■ **YOUR GOAL**: From the line with "this 1250×1875 image." to the final line, print the records exactly as they are.

Data extracted from a collection
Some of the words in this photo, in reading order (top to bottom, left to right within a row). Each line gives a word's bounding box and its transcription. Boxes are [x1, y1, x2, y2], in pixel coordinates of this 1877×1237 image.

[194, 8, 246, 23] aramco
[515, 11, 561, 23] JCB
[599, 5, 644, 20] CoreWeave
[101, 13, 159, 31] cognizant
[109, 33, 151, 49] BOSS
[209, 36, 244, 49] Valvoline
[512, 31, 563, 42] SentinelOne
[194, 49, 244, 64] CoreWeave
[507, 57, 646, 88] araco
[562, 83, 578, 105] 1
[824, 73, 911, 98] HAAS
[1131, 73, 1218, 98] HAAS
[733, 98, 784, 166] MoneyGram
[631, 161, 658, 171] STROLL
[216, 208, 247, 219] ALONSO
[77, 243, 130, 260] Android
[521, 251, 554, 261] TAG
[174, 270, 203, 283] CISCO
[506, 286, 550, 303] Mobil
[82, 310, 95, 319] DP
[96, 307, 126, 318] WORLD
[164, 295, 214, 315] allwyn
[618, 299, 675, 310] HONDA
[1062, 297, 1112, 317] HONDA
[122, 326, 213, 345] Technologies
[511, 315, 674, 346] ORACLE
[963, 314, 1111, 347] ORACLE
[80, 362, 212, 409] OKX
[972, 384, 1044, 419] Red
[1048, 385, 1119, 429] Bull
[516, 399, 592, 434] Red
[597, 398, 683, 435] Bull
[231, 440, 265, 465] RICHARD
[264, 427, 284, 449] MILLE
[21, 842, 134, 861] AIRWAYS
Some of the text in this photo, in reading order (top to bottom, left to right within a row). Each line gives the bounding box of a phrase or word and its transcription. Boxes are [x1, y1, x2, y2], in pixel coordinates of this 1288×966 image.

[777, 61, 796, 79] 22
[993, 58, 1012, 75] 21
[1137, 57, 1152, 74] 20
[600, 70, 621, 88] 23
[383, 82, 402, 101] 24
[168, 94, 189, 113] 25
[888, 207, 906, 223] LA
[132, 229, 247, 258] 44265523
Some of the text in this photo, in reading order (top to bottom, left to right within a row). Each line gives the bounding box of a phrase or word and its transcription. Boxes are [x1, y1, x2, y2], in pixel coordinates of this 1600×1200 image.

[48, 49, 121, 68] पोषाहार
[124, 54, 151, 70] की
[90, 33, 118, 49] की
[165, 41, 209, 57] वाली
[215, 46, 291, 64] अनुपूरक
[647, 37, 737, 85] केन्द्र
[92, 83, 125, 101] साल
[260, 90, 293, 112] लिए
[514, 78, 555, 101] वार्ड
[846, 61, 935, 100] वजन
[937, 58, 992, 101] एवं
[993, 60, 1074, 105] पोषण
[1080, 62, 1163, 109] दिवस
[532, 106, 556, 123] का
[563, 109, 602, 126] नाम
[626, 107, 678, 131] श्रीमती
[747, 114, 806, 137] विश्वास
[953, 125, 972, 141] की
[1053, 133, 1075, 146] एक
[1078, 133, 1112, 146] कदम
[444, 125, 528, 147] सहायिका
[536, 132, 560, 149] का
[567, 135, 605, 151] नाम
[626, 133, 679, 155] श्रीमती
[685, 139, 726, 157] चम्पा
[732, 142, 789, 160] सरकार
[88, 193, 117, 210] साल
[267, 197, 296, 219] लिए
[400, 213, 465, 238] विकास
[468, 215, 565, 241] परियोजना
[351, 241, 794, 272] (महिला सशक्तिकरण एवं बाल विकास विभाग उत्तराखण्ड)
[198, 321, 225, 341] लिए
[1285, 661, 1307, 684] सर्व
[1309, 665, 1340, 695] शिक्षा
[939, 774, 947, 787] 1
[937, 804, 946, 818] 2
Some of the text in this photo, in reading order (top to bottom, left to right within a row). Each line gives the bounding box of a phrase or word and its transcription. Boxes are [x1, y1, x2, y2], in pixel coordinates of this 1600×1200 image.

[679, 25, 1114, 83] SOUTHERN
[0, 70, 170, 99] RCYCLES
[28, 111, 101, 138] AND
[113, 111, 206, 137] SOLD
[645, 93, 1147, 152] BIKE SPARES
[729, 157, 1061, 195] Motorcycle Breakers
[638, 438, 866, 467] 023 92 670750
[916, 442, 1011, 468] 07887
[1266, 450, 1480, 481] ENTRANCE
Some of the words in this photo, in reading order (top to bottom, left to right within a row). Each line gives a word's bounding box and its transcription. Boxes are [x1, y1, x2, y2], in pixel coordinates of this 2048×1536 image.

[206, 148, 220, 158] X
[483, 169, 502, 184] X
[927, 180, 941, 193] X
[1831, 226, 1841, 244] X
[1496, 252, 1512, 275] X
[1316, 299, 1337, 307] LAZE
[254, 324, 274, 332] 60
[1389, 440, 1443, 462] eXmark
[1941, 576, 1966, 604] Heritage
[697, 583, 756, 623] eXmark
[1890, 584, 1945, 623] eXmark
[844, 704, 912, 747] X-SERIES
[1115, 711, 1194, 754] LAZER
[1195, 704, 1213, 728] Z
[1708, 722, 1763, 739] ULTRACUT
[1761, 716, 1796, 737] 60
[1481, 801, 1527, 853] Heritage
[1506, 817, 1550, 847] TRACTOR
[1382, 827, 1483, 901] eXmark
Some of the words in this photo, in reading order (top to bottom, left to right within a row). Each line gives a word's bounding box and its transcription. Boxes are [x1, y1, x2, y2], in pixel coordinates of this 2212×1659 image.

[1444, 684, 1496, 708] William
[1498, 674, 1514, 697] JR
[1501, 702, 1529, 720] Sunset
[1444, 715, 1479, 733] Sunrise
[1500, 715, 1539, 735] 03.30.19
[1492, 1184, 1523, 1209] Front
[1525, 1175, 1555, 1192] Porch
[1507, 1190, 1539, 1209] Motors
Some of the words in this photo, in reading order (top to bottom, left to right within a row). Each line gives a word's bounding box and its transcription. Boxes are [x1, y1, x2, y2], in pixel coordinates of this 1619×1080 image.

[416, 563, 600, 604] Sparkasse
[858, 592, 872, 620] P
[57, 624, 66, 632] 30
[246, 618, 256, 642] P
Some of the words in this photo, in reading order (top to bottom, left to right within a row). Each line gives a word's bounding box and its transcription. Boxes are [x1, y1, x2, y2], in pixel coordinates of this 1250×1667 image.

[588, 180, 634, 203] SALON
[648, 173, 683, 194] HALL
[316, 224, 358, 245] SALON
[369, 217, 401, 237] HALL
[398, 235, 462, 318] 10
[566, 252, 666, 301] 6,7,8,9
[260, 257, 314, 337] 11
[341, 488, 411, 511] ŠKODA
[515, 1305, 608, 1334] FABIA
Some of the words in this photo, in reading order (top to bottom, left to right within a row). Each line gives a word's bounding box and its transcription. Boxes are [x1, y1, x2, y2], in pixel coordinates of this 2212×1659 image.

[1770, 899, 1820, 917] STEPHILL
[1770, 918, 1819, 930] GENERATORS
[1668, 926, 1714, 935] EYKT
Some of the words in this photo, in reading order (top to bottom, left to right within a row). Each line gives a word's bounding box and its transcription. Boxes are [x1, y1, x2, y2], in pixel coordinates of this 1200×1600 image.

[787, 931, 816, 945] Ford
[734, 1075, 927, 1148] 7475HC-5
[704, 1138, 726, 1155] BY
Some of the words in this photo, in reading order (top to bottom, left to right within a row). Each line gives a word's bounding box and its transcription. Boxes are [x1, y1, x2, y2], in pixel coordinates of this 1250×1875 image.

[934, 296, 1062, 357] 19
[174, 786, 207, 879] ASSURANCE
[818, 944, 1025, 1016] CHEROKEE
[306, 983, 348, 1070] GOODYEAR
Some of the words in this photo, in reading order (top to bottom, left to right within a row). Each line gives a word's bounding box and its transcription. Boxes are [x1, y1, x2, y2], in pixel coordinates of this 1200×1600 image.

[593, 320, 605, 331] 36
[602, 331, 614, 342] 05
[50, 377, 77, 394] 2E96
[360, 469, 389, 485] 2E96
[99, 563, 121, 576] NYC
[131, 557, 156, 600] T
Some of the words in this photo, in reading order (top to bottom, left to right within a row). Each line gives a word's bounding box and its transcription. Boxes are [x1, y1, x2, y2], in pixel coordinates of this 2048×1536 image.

■ **THE ANSWER**:
Some of the words in this photo, in reading order (top to bottom, left to right within a row). Each line gives a word's bounding box and its transcription. Boxes are [x1, y1, x2, y2], in pixel coordinates of this 1250×1875 image.

[934, 296, 1062, 357] 19
[174, 786, 207, 879] ASSURANCE
[818, 944, 1025, 1016] CHEROKEE
[306, 983, 348, 1070] GOODYEAR
Some of the words in this photo, in reading order (top to bottom, left to right within a row). Each line gives a word's bounding box and its transcription. Boxes are [x1, y1, x2, y2], in pixel coordinates of this 1200×1600 image.

[593, 320, 605, 331] 36
[602, 331, 614, 342] 05
[50, 377, 77, 394] 2E96
[360, 469, 389, 485] 2E96
[99, 563, 121, 576] NYC
[131, 557, 156, 600] T
Some of the words in this photo, in reading order (top to bottom, left to right within a row). Each line gives a word's bounding box and its transcription. Boxes are [x1, y1, x2, y2], in pixel coordinates of this 2048×1536 image.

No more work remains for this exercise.